Ci scrive Michele a proposito della perla:
– Il prossimo interrogatorio sarà importante?
– Sì, sarà la chiave di svolta delle indagini.

— Strana questa chiave, questo attrezzo metallico che – come vedo, consultando vocabolari – sembra derivare da claudĕre (chiudere) e quindi inizialmente legata al concetto di chiusura, anche se, ovviamente e per fortuna, è sempre servita anche per aprire. Ed è confortante constatare che nei vari significati traslati che il termine ha assunto nel tempo, prevalgono accezioni positive: mezzo per raggiungere un fine, per capire, svelare, risolvere; elemento centrale che tiene insieme un arco, un sistema, ecc.
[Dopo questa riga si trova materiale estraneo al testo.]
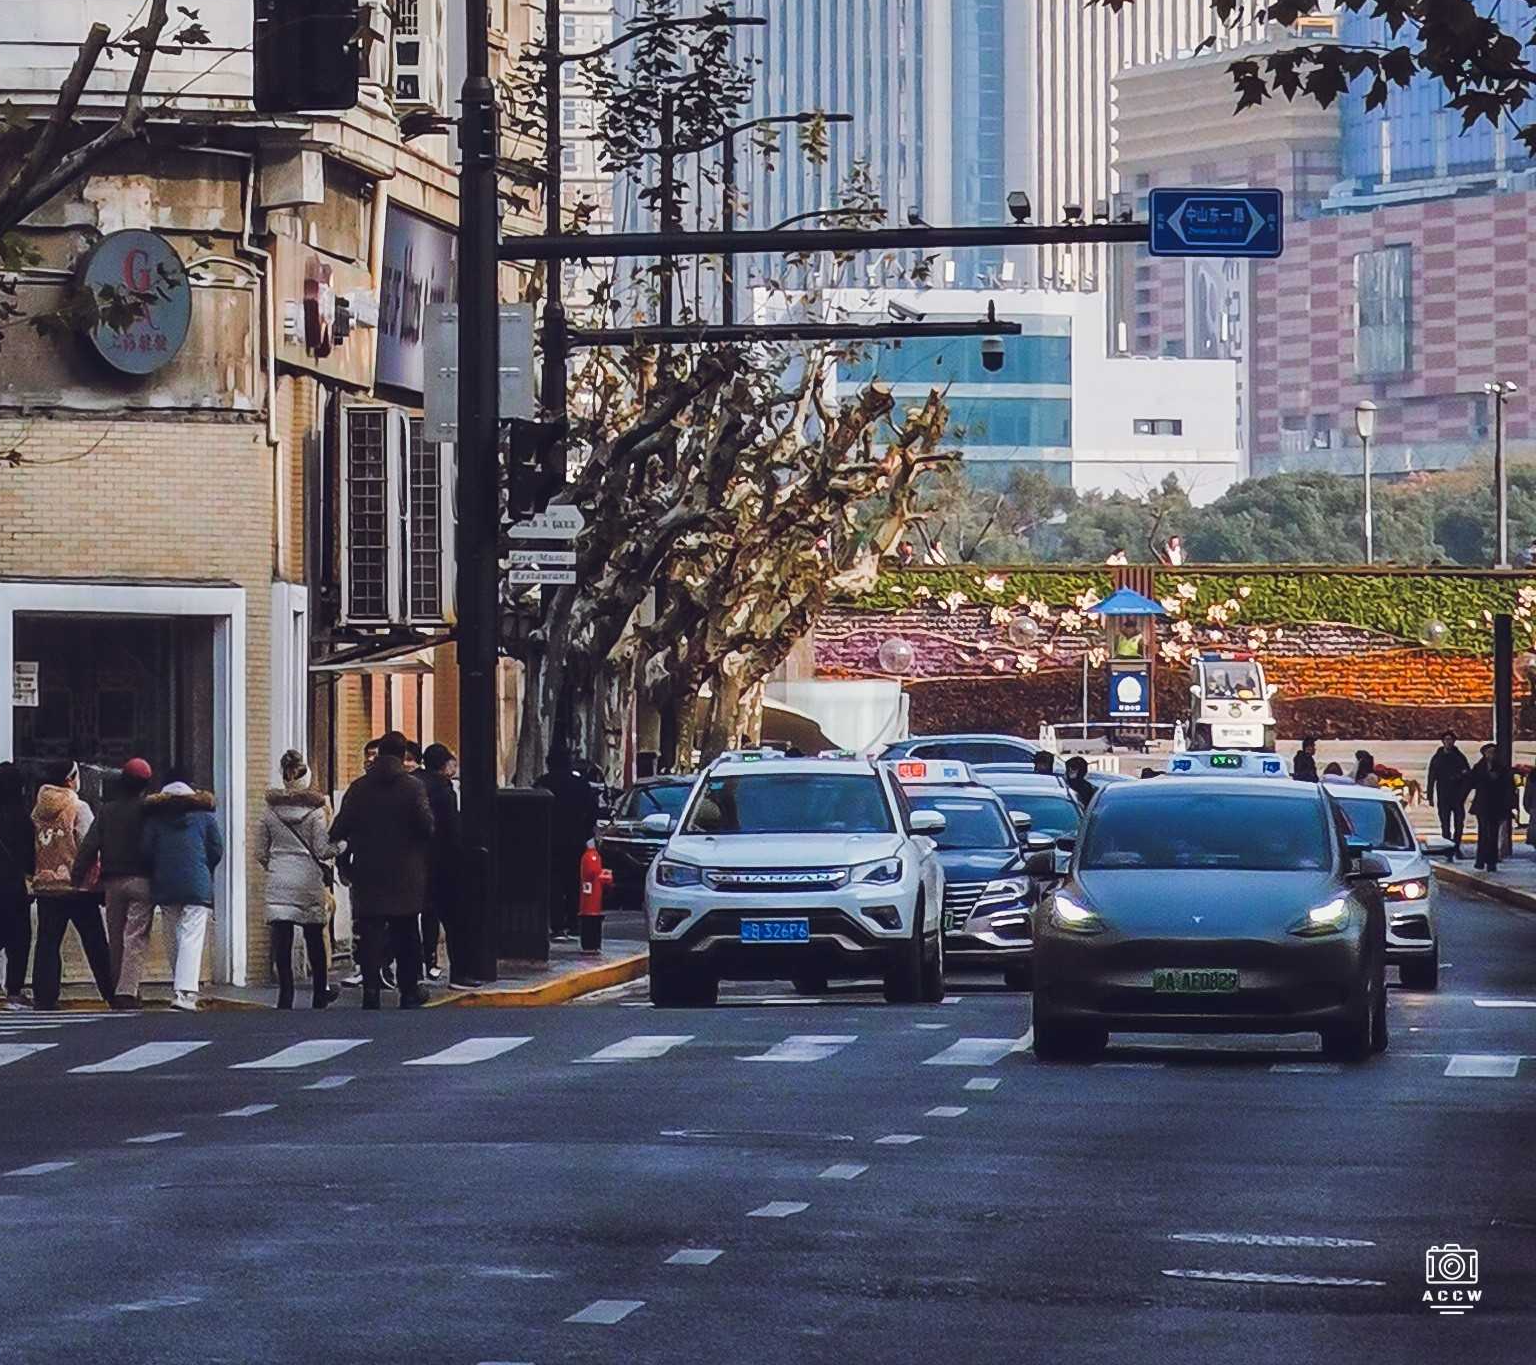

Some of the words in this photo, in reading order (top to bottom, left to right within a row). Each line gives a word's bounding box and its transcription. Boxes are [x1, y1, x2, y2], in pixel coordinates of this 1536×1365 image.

[1185, 205, 1245, 224] 中山东一路
Insomma chiave si è un po’ riscattata; resta comunque una parola da maneggiare con cautela, girandola dalla parte giusta secondo lo scopo da raggiungere.
Chiusa la digressione un po’ strampalata e ritornando alla frase incriminata vorrei aggiungere che, oltre alla storpiatura dell’originale chiave di volta, l’espressione sembra ulteriormente disturbata da una inutile ripetizione dello stesso concetto poiché si può tranquillamente scegliere una di queste espressioni con lo stesso significato:
– Sì, sarà la chiave delle indagini (la chiave che risolve i quesiti posti dalle indagini);
– Sì, darà una svolta alle indagini (portandole ad una risoluzione).
Certo che, volendo fare gli avvocati d’ufficio, si può anche interpretare chiave di svolta come chiave che apre verso una svolta, o qualcosa del genere, ma è un arrampicarsi sugli specchi. —

Animali di dire

Latte di volpe
Pane e volpe
Con le locuzioni "avere bevuto latte di volpe" e "avere mangiato pane e volpe" si intende essere estremamente furbi.
In realtà la maggior parte delle volte le frasi sono utilizzate in modo sarcastico, con il significato opposto.
Derivano dalla credenza popolare, derivata probabilmente dalle favole di Esopo, che la volpe sia un animale di grande astuzia e dai mille trucchi.

Sito; COROLLARIO, COROLLA, WAQF; Perle

ottobre 25, 2010

Avviso

Su Storia Continua la terza puntata del contributo di chinalski sui romanzi ipertestuali.

Parole a confronto

Corollàrio
Dal latino corollariu(m), derivato di corolla, diminutivo di corona ‘corona’.
Sostantivo maschile.
1. (filosofia) Proposizione che risulta logicamente da una verità dimostrata in precedenza e che non esige quindi una dimostrazione propria.
(matematica) Teorema che si deduce come diretta e immediata conseguenza di un teorema precedente.
2. (estensione) Aggiunta, appendice: corollario del libro.
3. Nell’antica Roma, dono offerto agli attori oltre il normale compenso.

Aggettivo.
(disusato) Dedotto per corollario, per induzione.

Coròlla
Dal latino corolla(m), diminutivo di corona ‘corona’.
Anche corólla.
Sostantivo femminile.
(botanica) Parte del fiore interna al calice, costituita da uno o più verticilli di foglie modificate (petali), con la funzione di attrarre gli insetti che favoriscono l’impollinazione.
(estansione) A corolla: ciò che ha forma svasata: una gonna a corolla.

Una (parola) giapponese a Roma

Waqf [wakf]
Voce araba, propriamente ‘sospensione’.
Sostantivo maschile invariabile.
(diritto) Nel diritto musulmano, costituzione, a scopo di beneficenza, di usufrutto su immobili che diventano così inalienabili.

Perle dai porci

"Al termine di questa presentazione, vorrei corollare con voi l’evento con un brindisi!"

Direttamente dallo SMAU, grazie a Smallfountains.